• [What to produce] I'd like the line containing "this 1600×1200 image." and each line that follows, through the last line of the material, set down exactly as they are, and no others.

• [Material supplied]
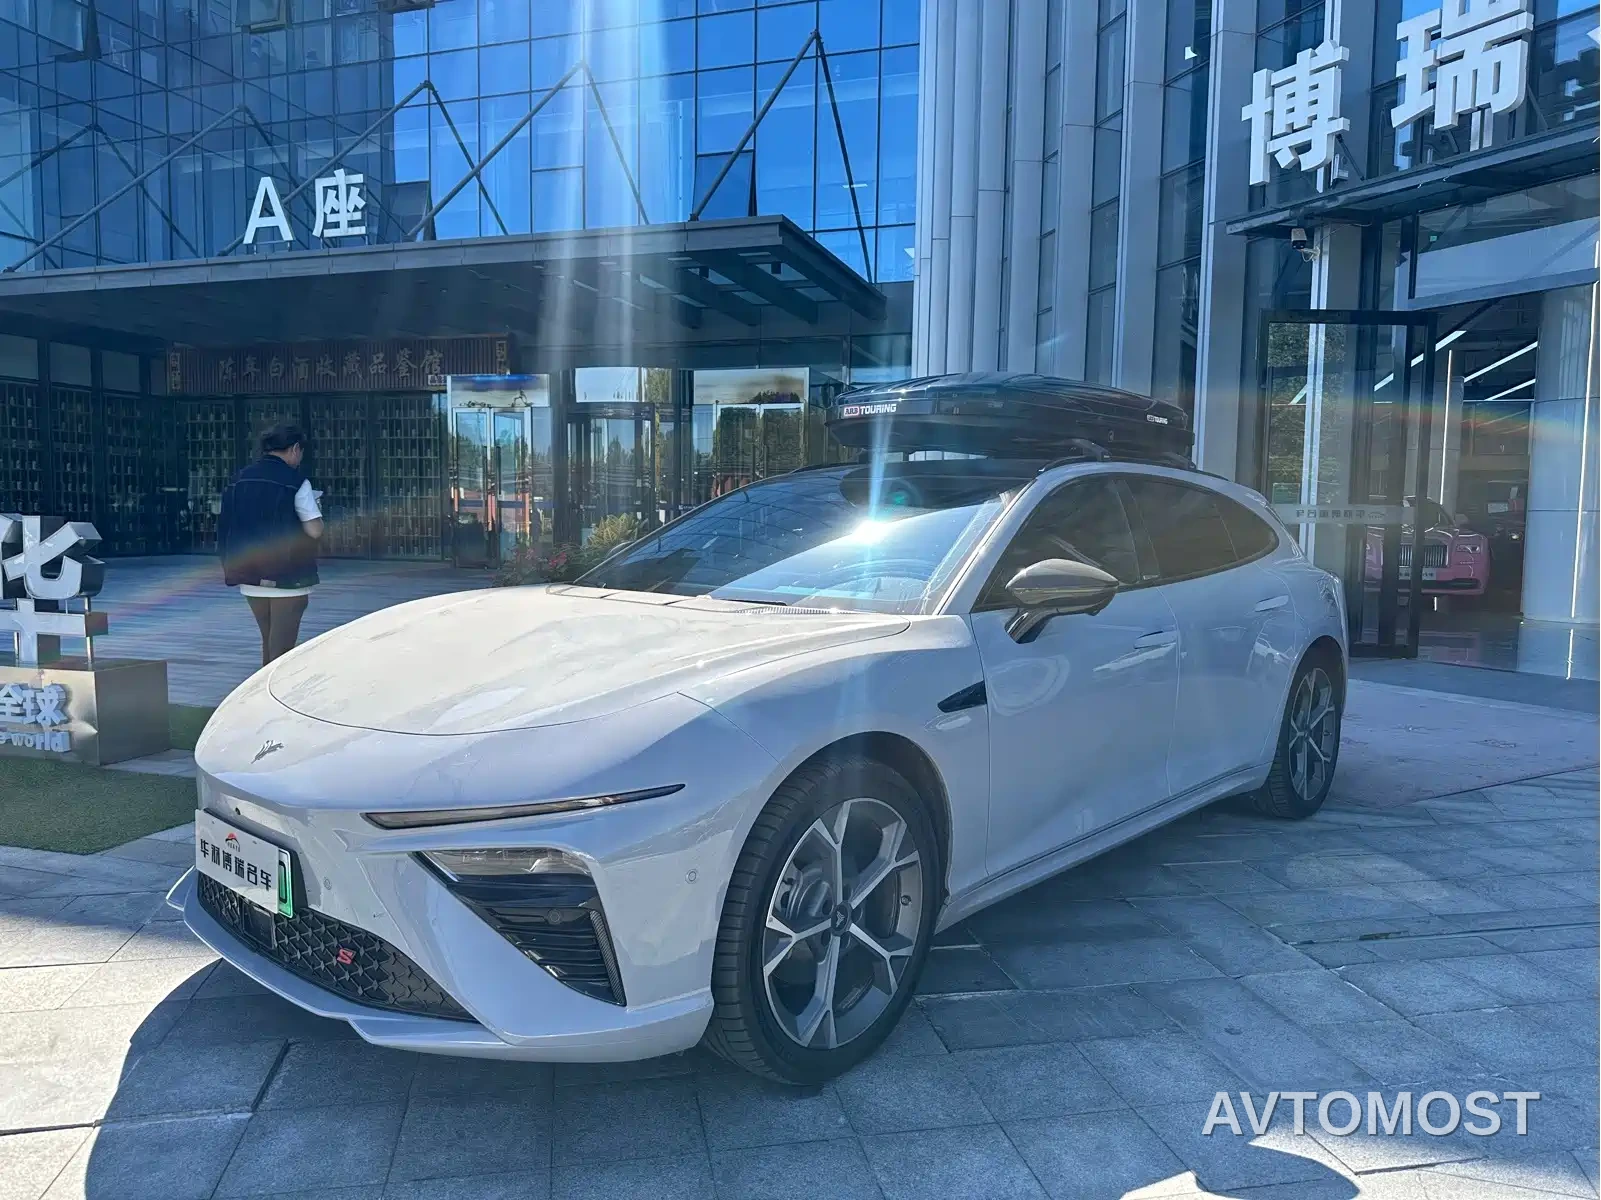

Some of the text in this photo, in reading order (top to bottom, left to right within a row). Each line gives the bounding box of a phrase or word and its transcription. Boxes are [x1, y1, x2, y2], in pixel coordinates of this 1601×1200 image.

[1241, 0, 1601, 186] 博瑞
[242, 168, 368, 244] A座
[860, 403, 897, 415] TOURING
[0, 683, 66, 725] 全球
[11, 731, 70, 752] world
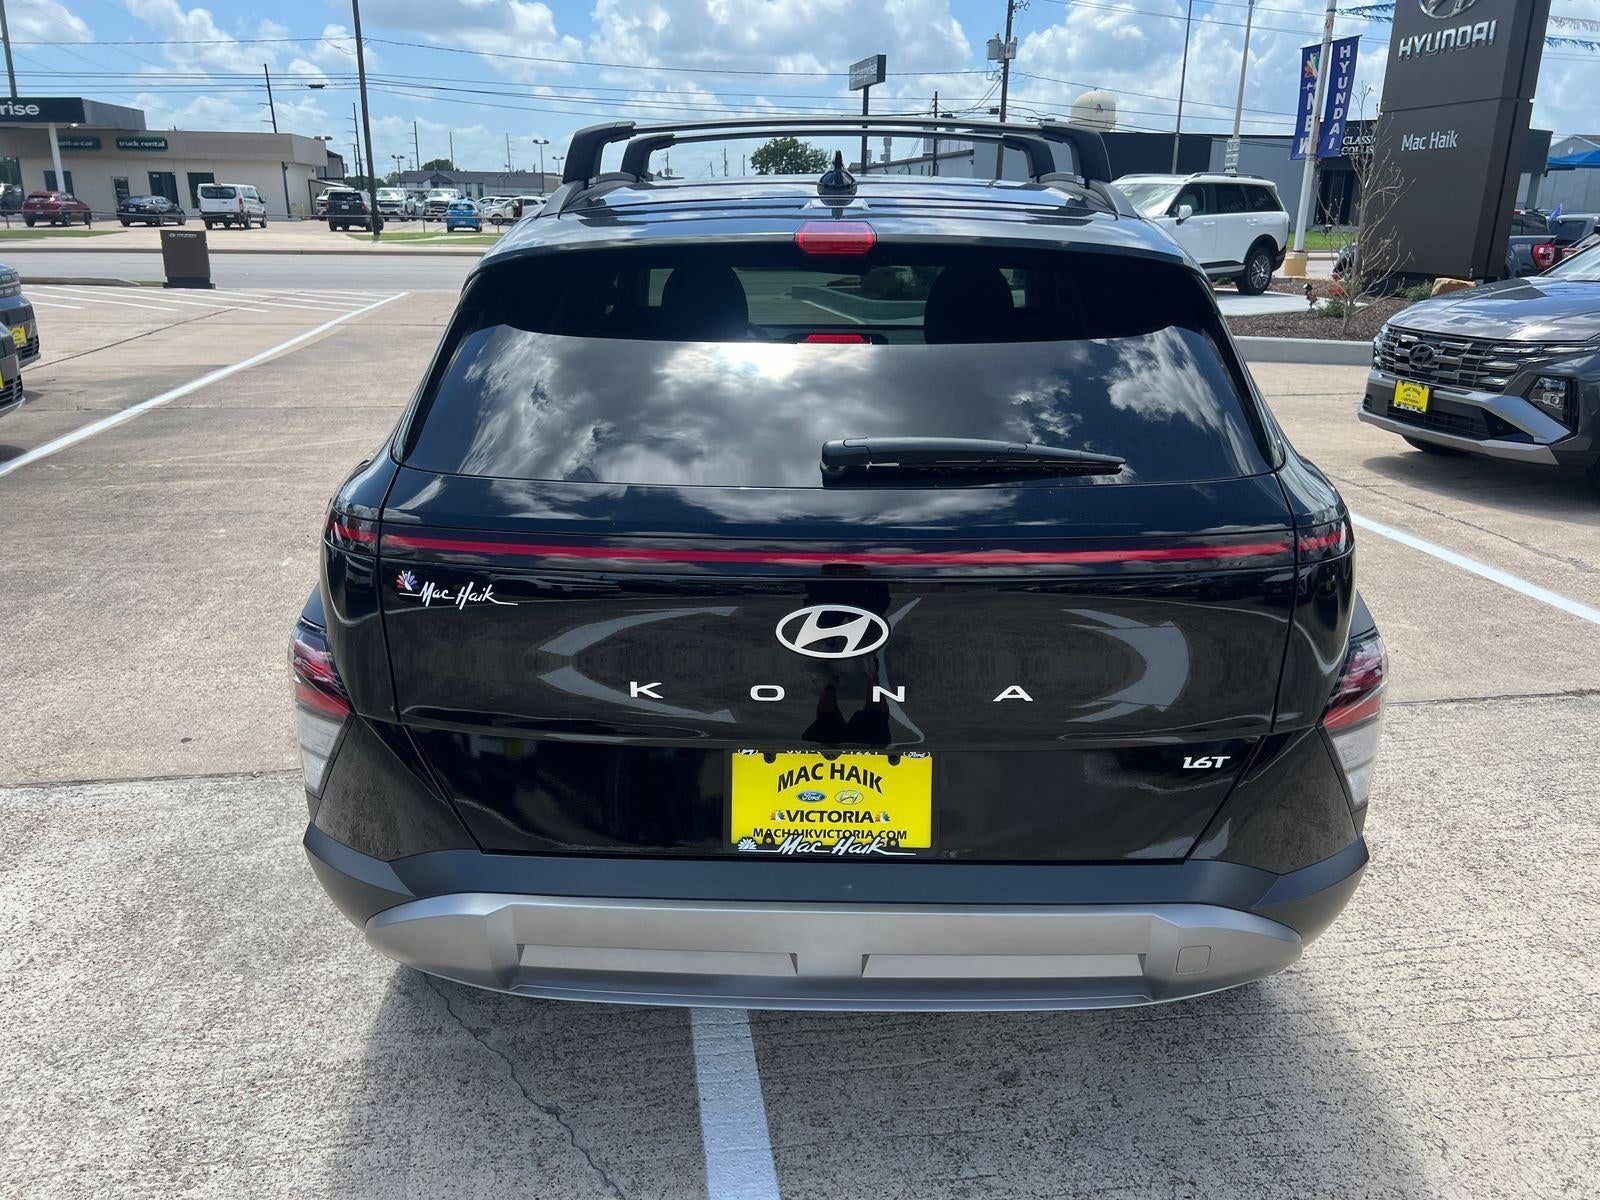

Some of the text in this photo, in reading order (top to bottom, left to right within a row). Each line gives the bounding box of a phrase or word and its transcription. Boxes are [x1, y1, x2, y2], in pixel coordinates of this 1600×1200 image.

[1398, 19, 1497, 59] HYUNDAI
[1327, 45, 1351, 150] HYUNDAI
[1401, 129, 1459, 152] Mac Haik
[420, 581, 502, 610] Mac Haik
[629, 681, 1034, 703] KONA
[777, 762, 883, 794] MAC HAIK
[801, 792, 822, 801] Ford
[785, 809, 875, 824] VICTORIA
[753, 828, 908, 840] MACHAIKVICTORIA.COM
[777, 834, 890, 856] Mac Haik

• [Your response]
Some of the text in this photo, in reading order (top to bottom, left to right within a row). Each line gives the bounding box of a phrase or word and its transcription. Boxes are [x1, y1, x2, y2], in pixel coordinates of this 1600×1200 image.

[1398, 19, 1497, 59] HYUNDAI
[1327, 45, 1351, 150] HYUNDAI
[1401, 129, 1459, 152] Mac Haik
[420, 581, 502, 610] Mac Haik
[629, 681, 1034, 703] KONA
[777, 762, 883, 794] MAC HAIK
[801, 792, 822, 801] Ford
[785, 809, 875, 824] VICTORIA
[753, 828, 908, 840] MACHAIKVICTORIA.COM
[777, 834, 890, 856] Mac Haik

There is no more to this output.